Singapore factories post modest 0.7% growth in February

SINGAPORE factory output inched up in February, beating fears of a second month of decline.

Lifted by the biomedical sector, manufacturers produced a modest 0.7 per cent more than in the year before, according to data from the Economic Development Board (EDB) on Tuesday. Private-sector economists polled by Bloomberg had guided for a median dip of 0.4 per cent.

But, when biomedical manufacturing was left out, industrial production fell by 1.6 per cent.

Meanwhile, the size of January's year-on-year contraction was revised from a preliminary figure of 3.1 per cent, to a more subdued 0.4 per cent.

Factories were dragged down by the precision engineering cluster, which has been in a tailspin since November 2018. Output tumbled by 14.9 per cent in February, as growth in precision modules and components - on the back of more optical products - could not make up for the 27.8 per cent shrink in machinery and systems with less semiconductor equipment produced.

Singapore's linchpin electronics cluster also clocked its third straight month of decline, although the fall eased to 1.1 per cent, from 4 per cent in January. The cluster notched growth of 1.1 per cent in semiconductors and 6.8 per cent in other electronic modules and components, but computer peripherals, data storage and infocomms and consumer electronics all languished.

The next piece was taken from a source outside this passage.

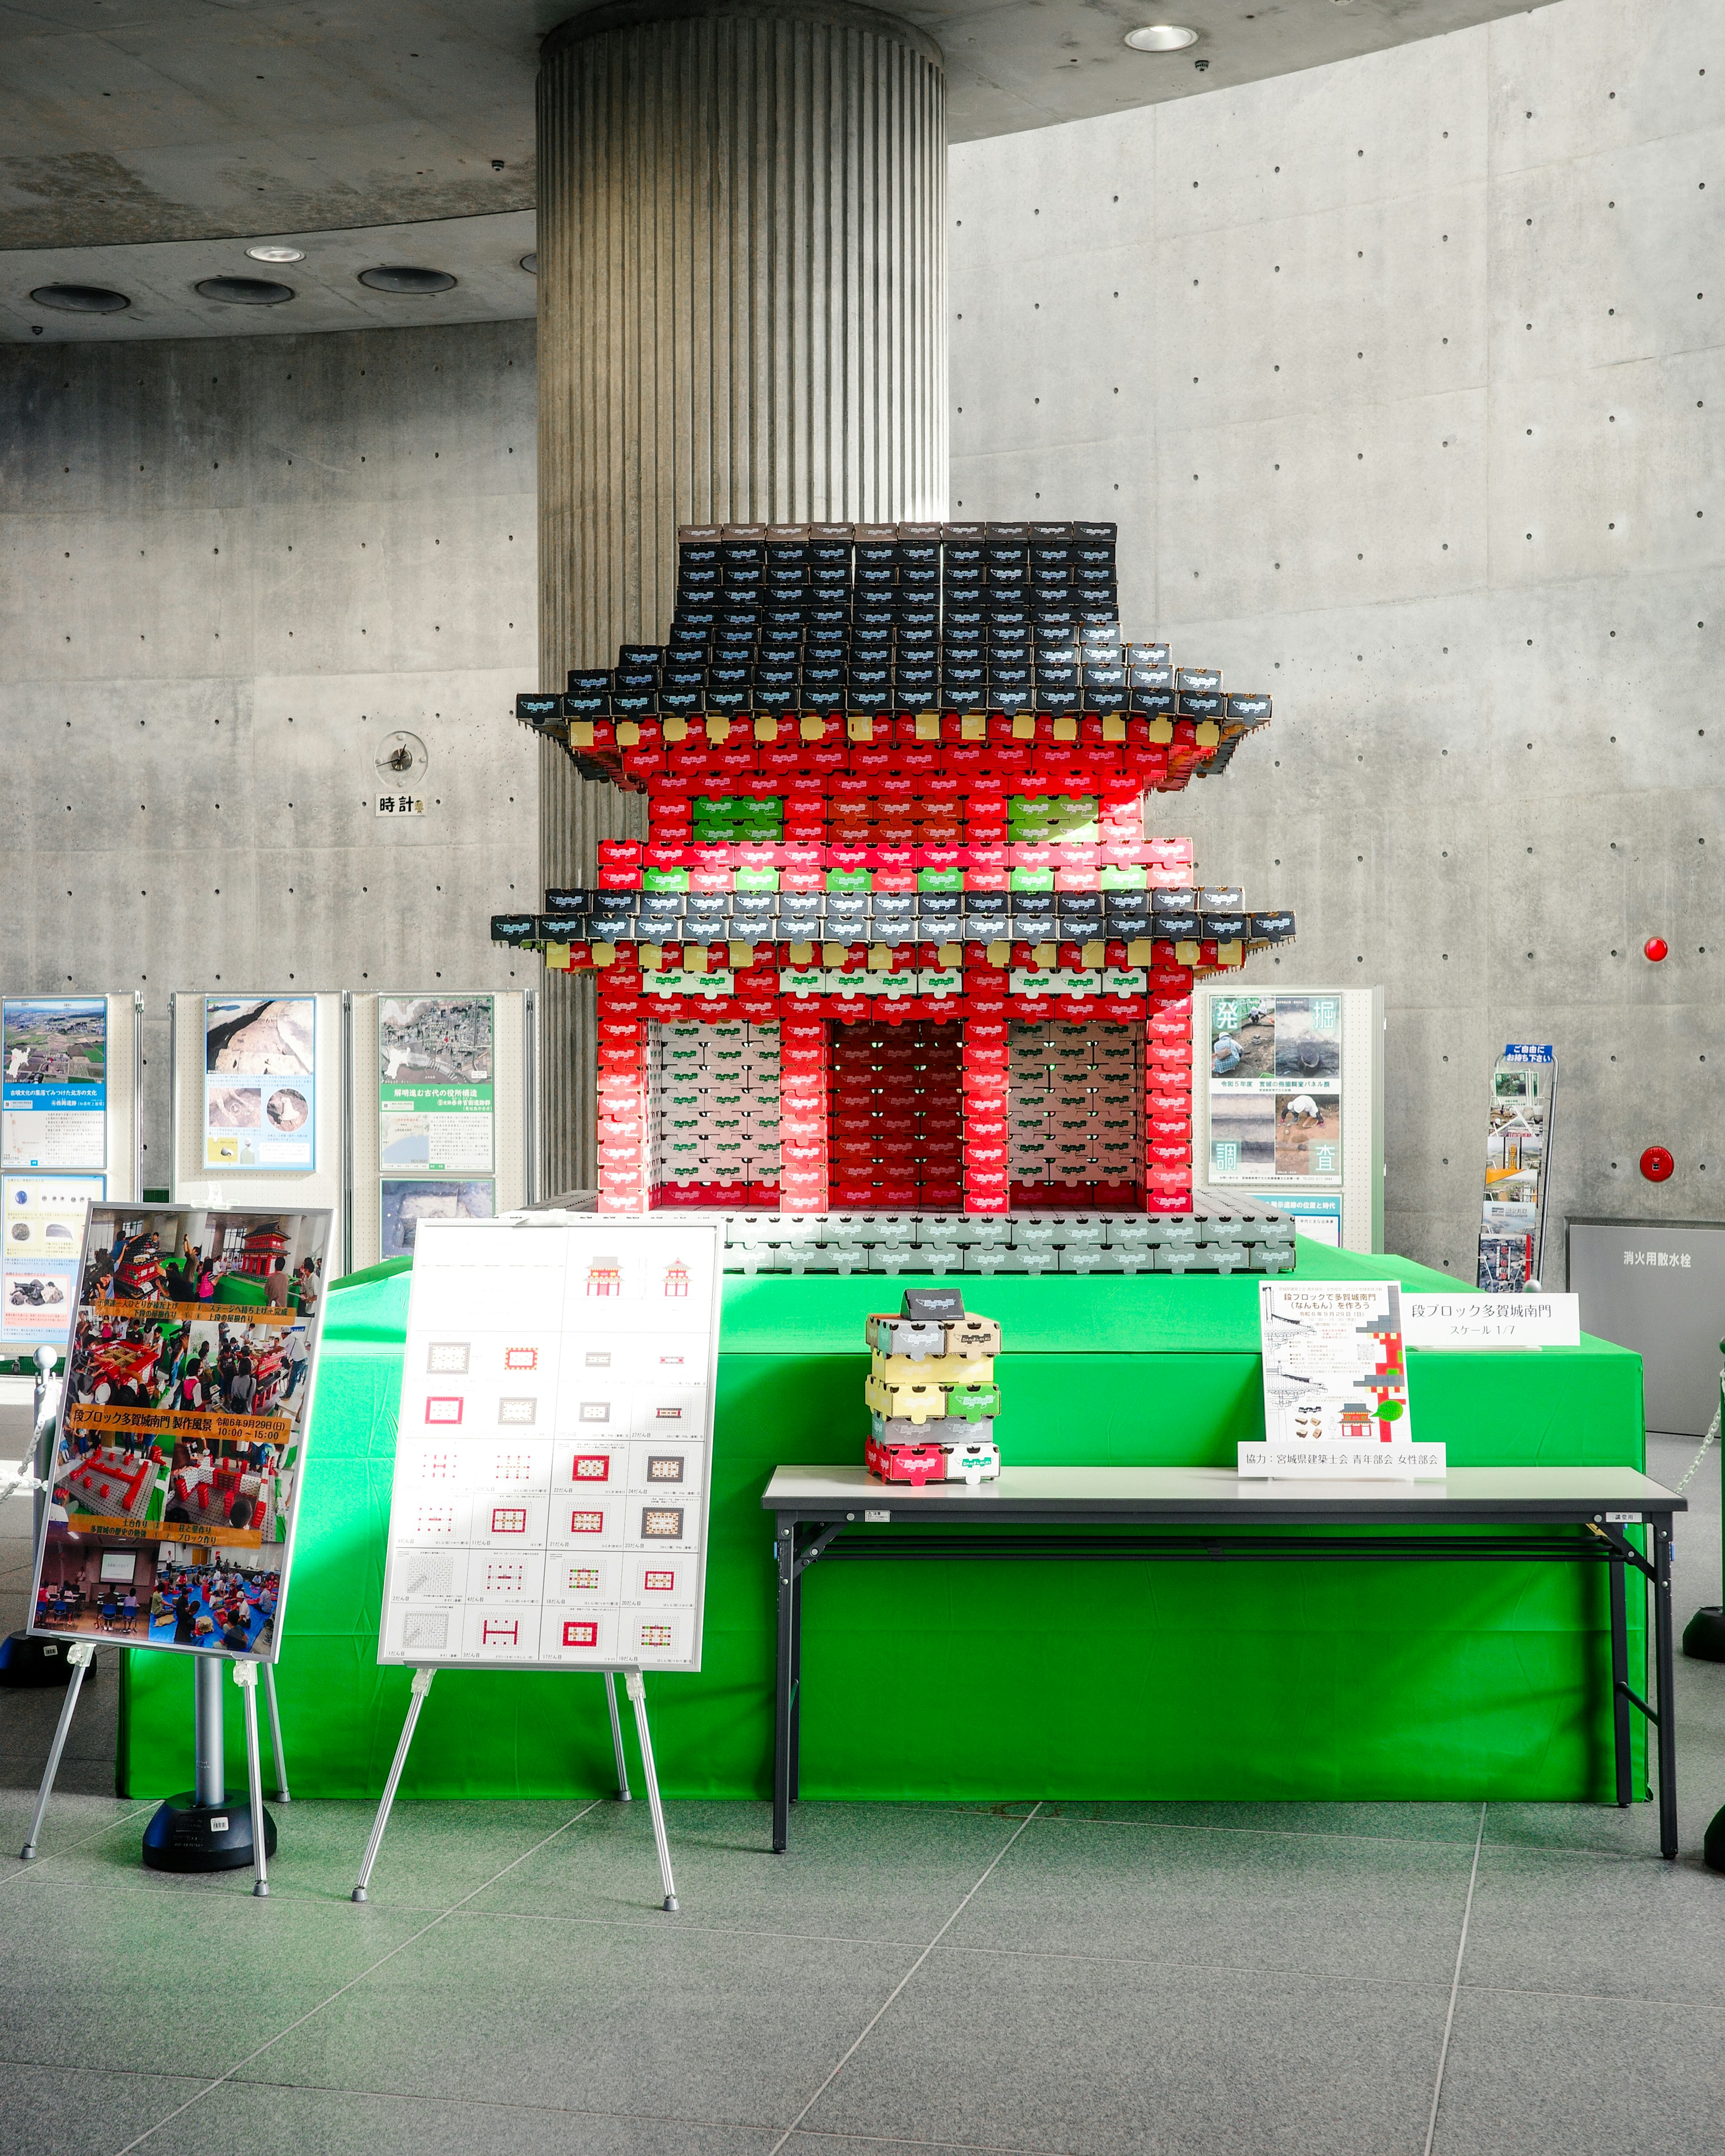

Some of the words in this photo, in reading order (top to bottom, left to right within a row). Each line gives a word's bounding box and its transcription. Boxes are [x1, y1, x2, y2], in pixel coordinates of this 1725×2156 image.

Biomedical manufacturing, on the other hand, saw factory output jump by 13.3 per cent, against 10.3 per cent in January, as drugs posted an expansion of 17.9 per cent on changes to the mix of active pharmaceutical ingredients being produced. The medical technology segment produced 3.3 per cent more year on year, with the EDB citing "sustained export demand".

Chemicals output rose by 2 per cent, as fragrances fuelled the "other chemicals" segment - although maintenance shutdowns at some plants forced the petroleum, specialities and petrochemicals segments into contraction for the month, the EDB noted.

The transport engineering cluster grew by 4.2 per cent, compared with 10.4 per cent in January, while general manufacturing was up by 4.1 per cent overall, easing from 4.6 per cent before.

On a seasonally adjusted, monthly basis, manufacturing output was down by 4.1 per cent in February, or 0.1 per cent when biomedical production was excluded.